Aim of the exercise
Reproduce word for word the line that contains "this 1364×1169 image." and every line after it to the end of the records, with nothing else added.

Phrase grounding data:
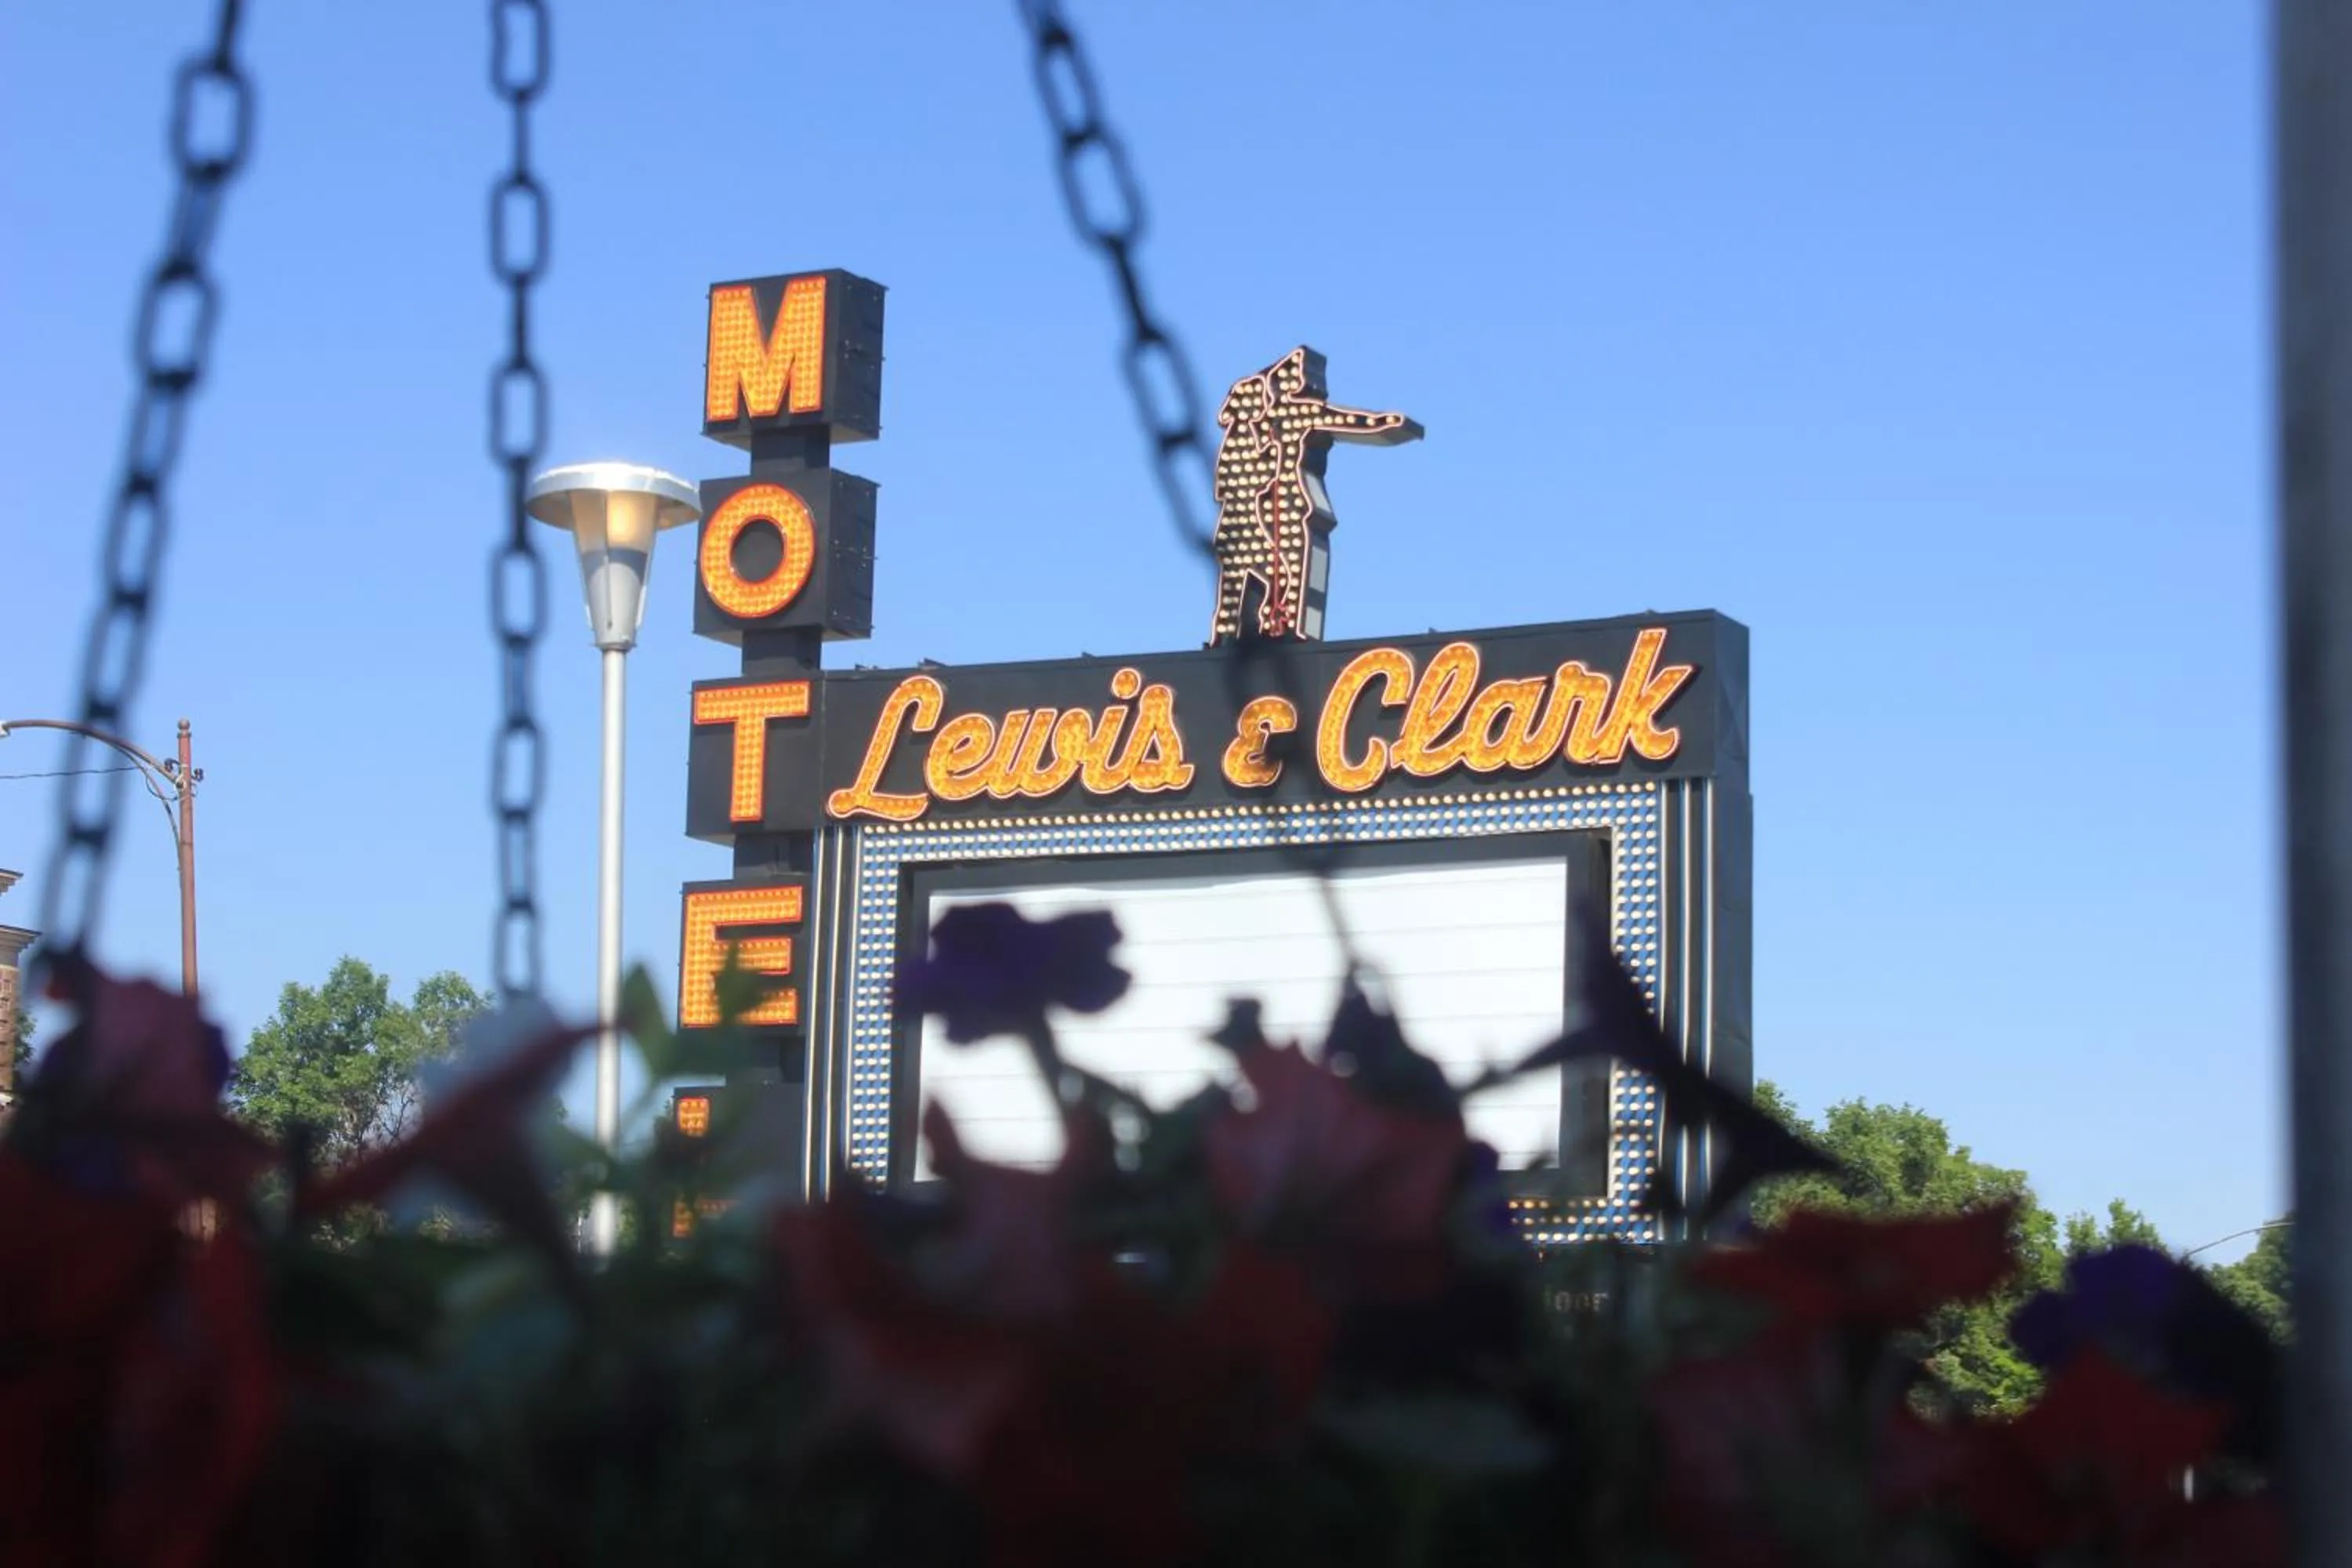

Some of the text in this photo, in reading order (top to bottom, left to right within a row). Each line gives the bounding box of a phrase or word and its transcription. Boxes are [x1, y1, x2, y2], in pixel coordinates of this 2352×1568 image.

[672, 275, 826, 1239] MOTE
[826, 628, 1694, 821] Lewis & Clark
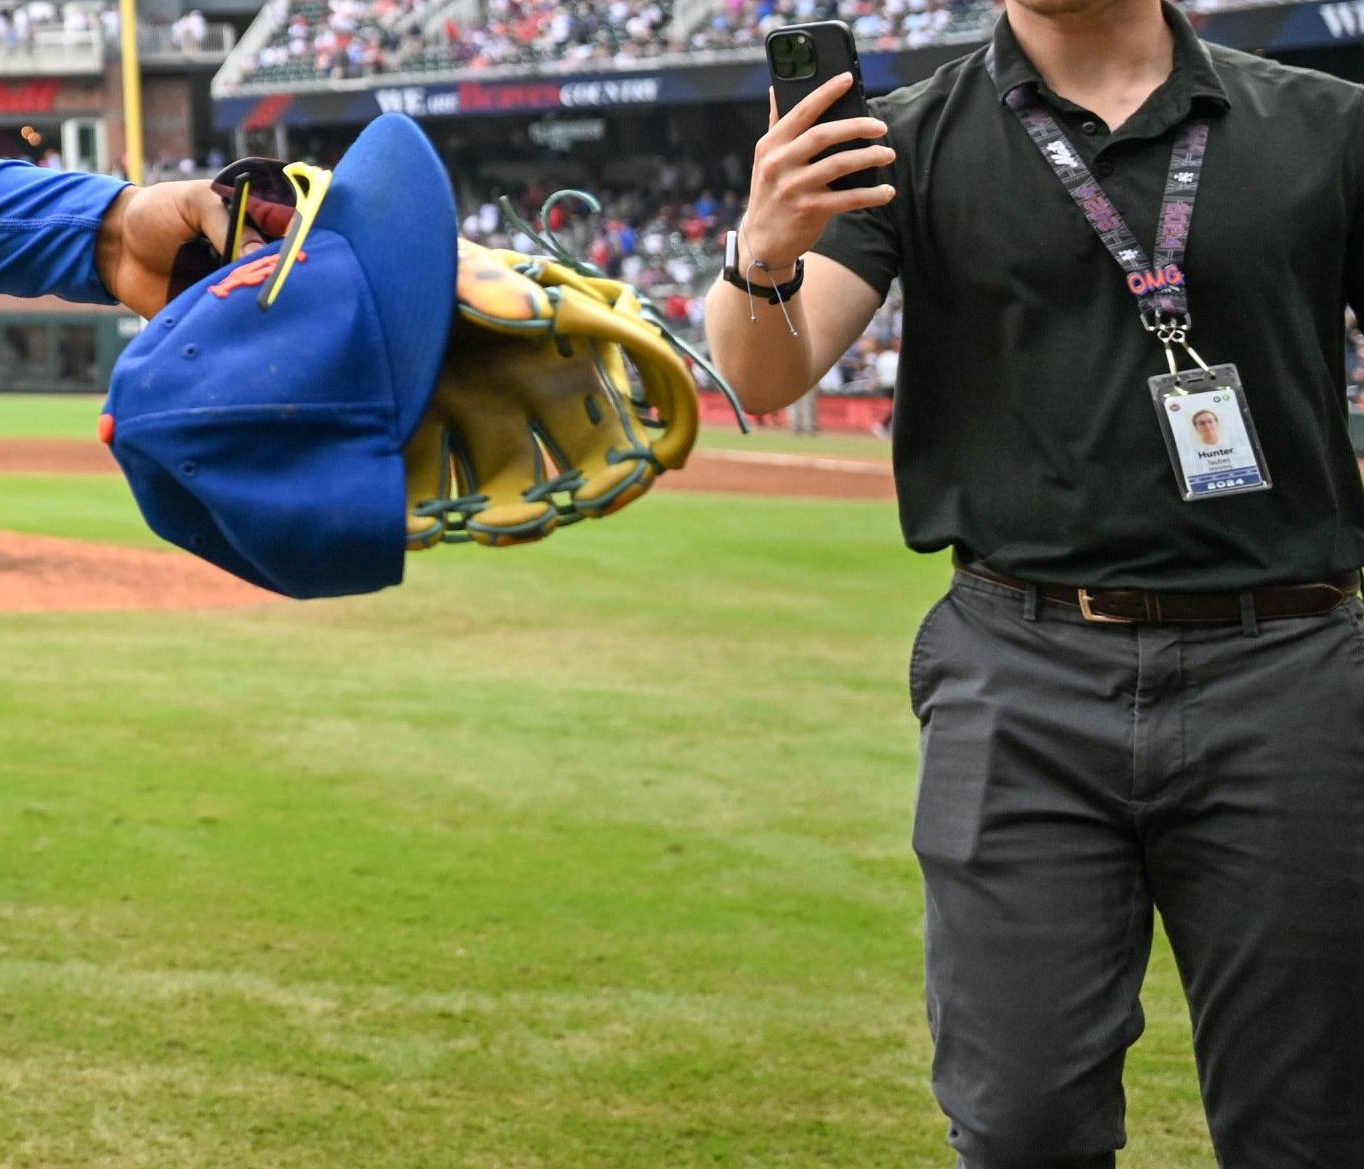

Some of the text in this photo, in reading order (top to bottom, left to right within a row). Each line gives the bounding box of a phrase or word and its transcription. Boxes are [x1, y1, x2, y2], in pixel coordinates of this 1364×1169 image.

[375, 85, 426, 115] WE
[1127, 264, 1184, 295] OMG
[1198, 448, 1234, 460] Hunter
[1207, 478, 1245, 490] 2024

Answer to this exercise
Some of the text in this photo, in reading order (top to bottom, left to right within a row). Each line gives the bounding box of a phrase or word and its transcription. Boxes are [x1, y1, x2, y2], in pixel coordinates of this 1364×1169 image.

[375, 85, 426, 115] WE
[1127, 264, 1184, 295] OMG
[1198, 448, 1234, 460] Hunter
[1207, 478, 1245, 490] 2024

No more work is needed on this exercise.